Location
- Ioan Slavici Street, Nr. 4 Satu Mare, Satu Mare County Romania
- Coordinates: 47°47′50″N 22°52′32″E﻿ / ﻿47.7973°N 22.8755°E

Information
- Funding type: Public
- Motto: "Fii schimbarea pe care vrei să o vezi în lume!"
- Established: 1812; 214 years ago
- Principal: Alina Dragoș, Ionela Manda
- Staff: approx. 54
- Grades: 5–12
- Age range: 10–18
- Enrollment: c. 733
- Classes: 27
- Average class size: 26
- Language: Romanian
- Mascot: Salvi
- Website: www.cnislavici.ro

= Ioan Slavici National College =

Ioan Slavici National College (Colegiul Național Ioan Slavici) is a public day high school for students aged 10 to 18, established in 1812, and located at 4 Ioan Slavici Street, Satu Mare, Romania. The school is named after the great Romanian writer and journalist Ioan Slavici. The Ioan Slavici National College is one of the four national colleges located in Satu Mare, alongside Mihai Eminescu, Kölcsey Ferenc, and Doamna Stanca.

==History==
Operating in buildings that have sheltered educational institutions since 1812, the Ioan Slavici National College has a well-defined role in the town's higher education society. The three buildings of the college include 26 classrooms, 5 laboratories, 12 offices, a library with over 30,000 volumes, 2 gyms, a sports field with a running track, a volleyball court, handball and basketball courts, one festive room, and a 200-seat chapel, thus ensuring the proper conduct of the educational activities.

Different disciplines offer an optional curriculum that covers all the areas being proposed to expand the scope of knowledge in a given field, but also to awaken the students through an innovative approach.
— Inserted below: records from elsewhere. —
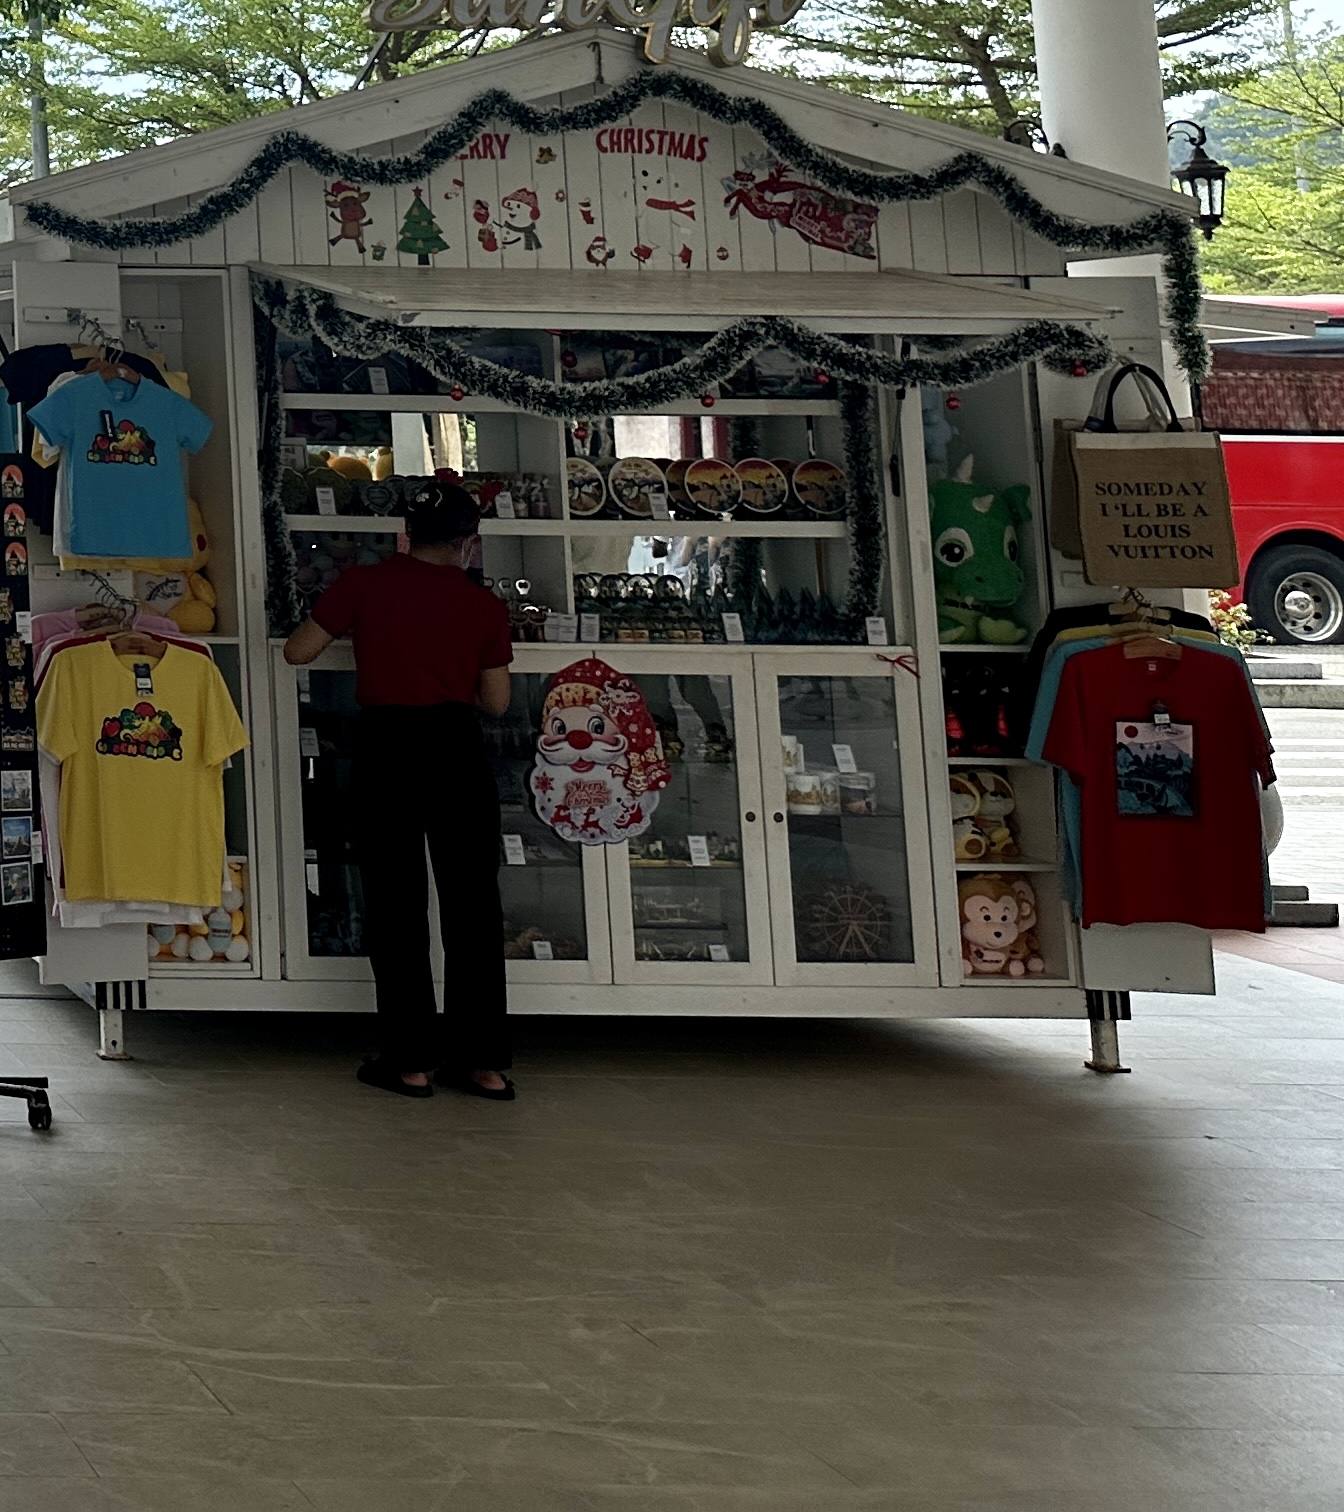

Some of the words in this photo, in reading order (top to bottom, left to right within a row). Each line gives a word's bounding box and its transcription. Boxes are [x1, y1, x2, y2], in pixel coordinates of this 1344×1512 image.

[455, 133, 510, 160] RRY
[595, 128, 710, 163] CHRISTMAS
[1095, 481, 1207, 497] SOMEDAY
[1156, 502, 1186, 517] BE
[1192, 503, 1209, 517] A
[1122, 523, 1191, 539] LOUIS
[1107, 544, 1214, 560] VUITTON
Many circles of creation and scientific circles give all the students the opportunity to follow their passions, the offer being very generous (dramatic circle, photo/video circle, chemistry circle, knowledge and truth circle – operating since 1977, obtaining four patents, friends of Biology circle, antiquities fans circle and the Adagio Choir, founded in 1993, member of the International Association of Amateur Chorus, with many successes and national and international partnerships, having recorded three audio tapes and two CDs.

Since the 2005–2006 school year, the college is an eco-school, being the first school in the county that has obtained the green flag. In this school year it was accredited for ECDL courses, providing students and conditions for staff members to obtain the European Computer Driving Licence.